We board and the engine gives a great blast on the earsplitting whistle, no other sound in the world quite like it, almost an animal scream. The stack blows dark, black smoke as the engine begins to move, and the shuddering ch ch ch goes faster and faster, the joints on the rails hit the wheels clickety clack, and the coaches sway. Out the windows on a curve we can see the engine pulling, smoking steaming. There are counterweights on the drive wheels which put the drive arms further out and they are very visible, working like the endons on a pulling horse. Some of the passengers are just admiring the view, others have a grin on their faces, a grin that gets bigger every time the engine whistles for a grade crossing. The engineer clearly loves the whistle too, and plays it like some giant musical instrument. The steam leaps into the air, escaping through the whistle to freedom. On a good grade, they blow the bottom dump, a way to get rid of any crud on the bottom of the boiler, and release a cloud of steam, hissing and obscuring everything for a moment.

When I was learning about the steam engine that is a static display in the museum in Campo, I thought the great hulk was pretty nifty, and knowing how it all worked was great. I remember effusing about it to the head of the steam department, and he sighed, and said it was just a dead thing when it wasn’t running. I think I understand how he feels a little better. It is “only” a machine, but starting it up and running it while controlling what is basically a giant explosion on the edge of happening, makes it seem very alive. It breathes and snorts and thumps while still like an impatient race horse, and then when sent forward, clouds of steam and smoke and whistling are more like an unleashed dragon. Most machinery that pulls things have all the action hidden inside, pistons and gears are secrets, but on a steam engine the driving rods are right there, all bones and tendons and stringy muscles working like mad, and covered with black soot and gleaming with oil.

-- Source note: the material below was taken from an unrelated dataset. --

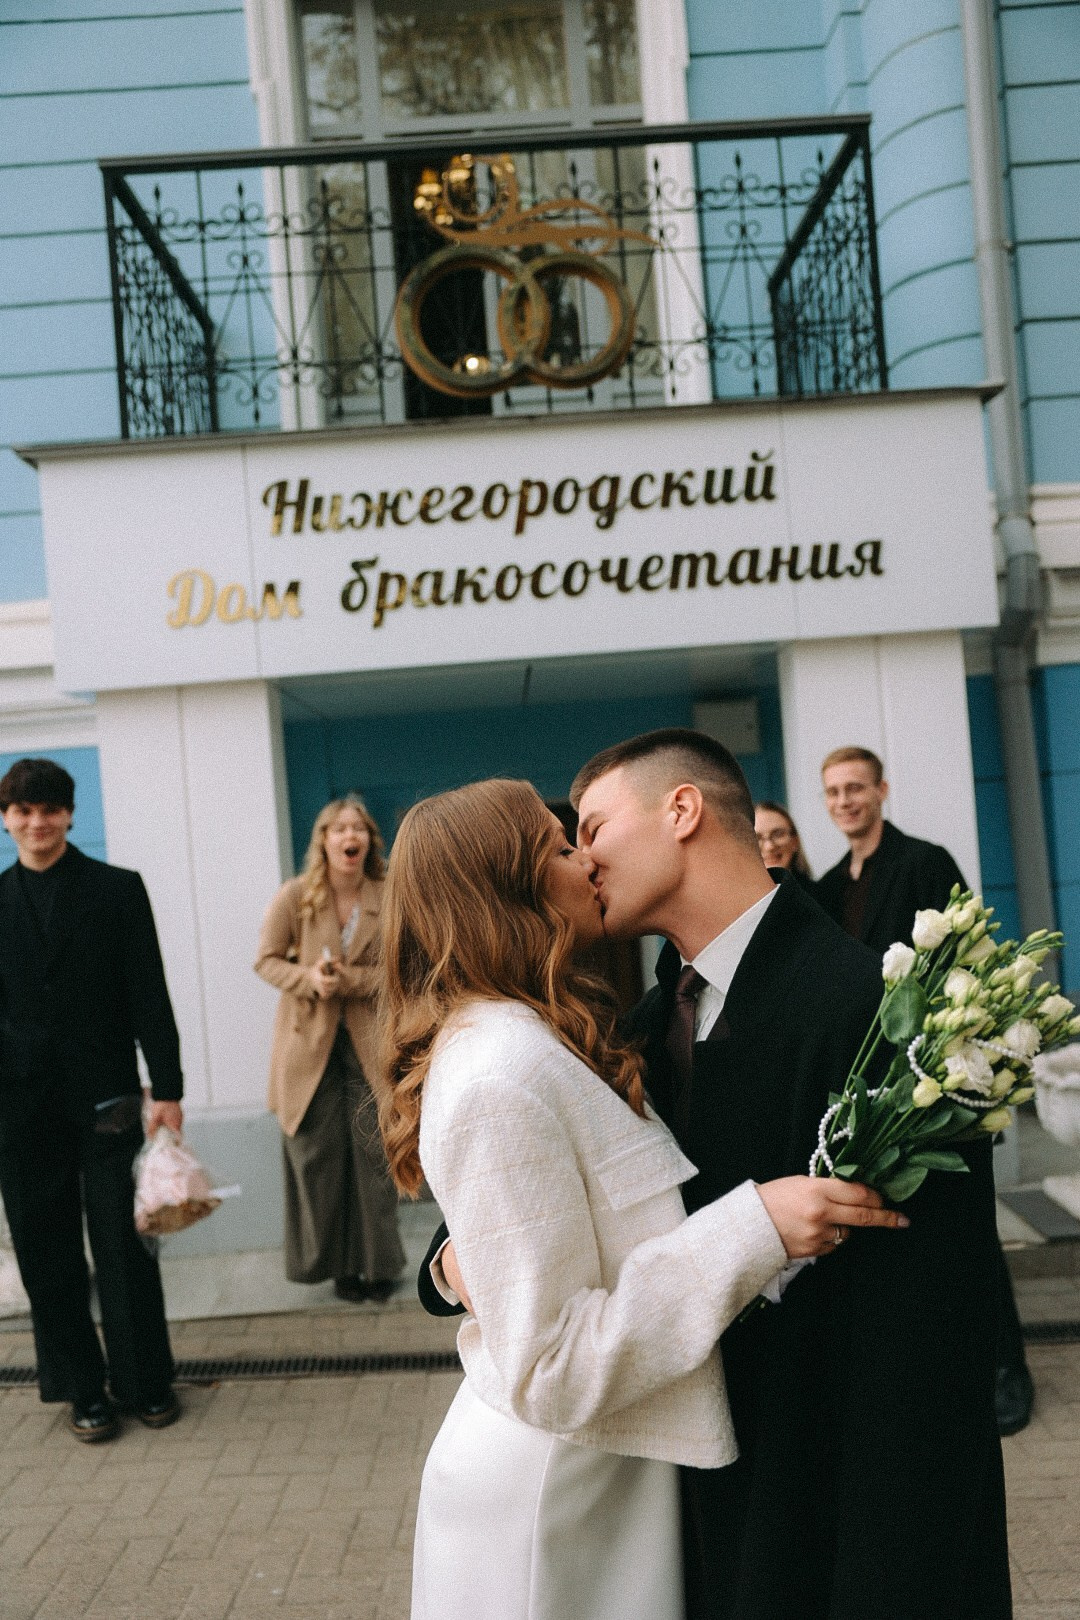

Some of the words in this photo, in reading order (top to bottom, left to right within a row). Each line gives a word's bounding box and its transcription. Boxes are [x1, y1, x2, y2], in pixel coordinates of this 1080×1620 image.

[262, 450, 777, 535] Нижегородский
[168, 567, 304, 629] Дом
[341, 538, 885, 628] бракосочетания

This mountaineering rail line was built in 9 months, mostly by hand, there are two tunnels and plenty of track laid on a rock shelf. Not quite as spectacular as Carrizo Gorge, but pretty grand all the same, we pass through aspen groves where the sound of the engine seems to rattle through the leaves, and then peer over the edge to the bright green valley below, where cattle graze.


At every grade crossing there are rail fans with their cameras, some follow the train the whole way, nearly jumping up and down with excitement. At a huge rock, called Kodak Rock by the train people, there are 3-4 intrepid climbers on top waiting for the perfect shot. I would rather ride it than shoot it, but you can see that we have plenty of company in our fascination with trains!

(This is a picture by a fellow train nut, Marty Bernard who visited here too )


Back at Antonito, we detrain, do a little shopping but keep turning to watch the engine switch cars around ready for tomorrow’s ride. Even the next day, driving on by, we slowed and looked wistfully at the engine getting ready, smoking quietly.

If you have never ridden behind a steam engine, better go do it, it’s a vanishing breed.

Adios San Juan

The San Juan Mountains are beautiful for all the visual reasons, high, jagged, bits of snow, visible for miles around. Don spent 4 summers here, workamping where we are now, driving the tour Jeeps all over the terrifying mining roads, and acting as Alpine Host up in a basin called Yankee Boy. So the first thing we wanted to do was rent a Jeep and go up into Yankee Boy. The road up goes by the campsites I ran, and then gets gnarly. We have driven Darth up there, but chose not to, he really is just too long for this mountain goat driving.


The road has been much improved, they even did some blasting on the narrow shelf road that scares me the most, and then we were up in the glorious basin, stuffed with wildflowers of all colors and sizes. There are still pockets of snow, melting and sending moisture down the steep slopes, and the peaks all around protect the basin from the worst of the winds.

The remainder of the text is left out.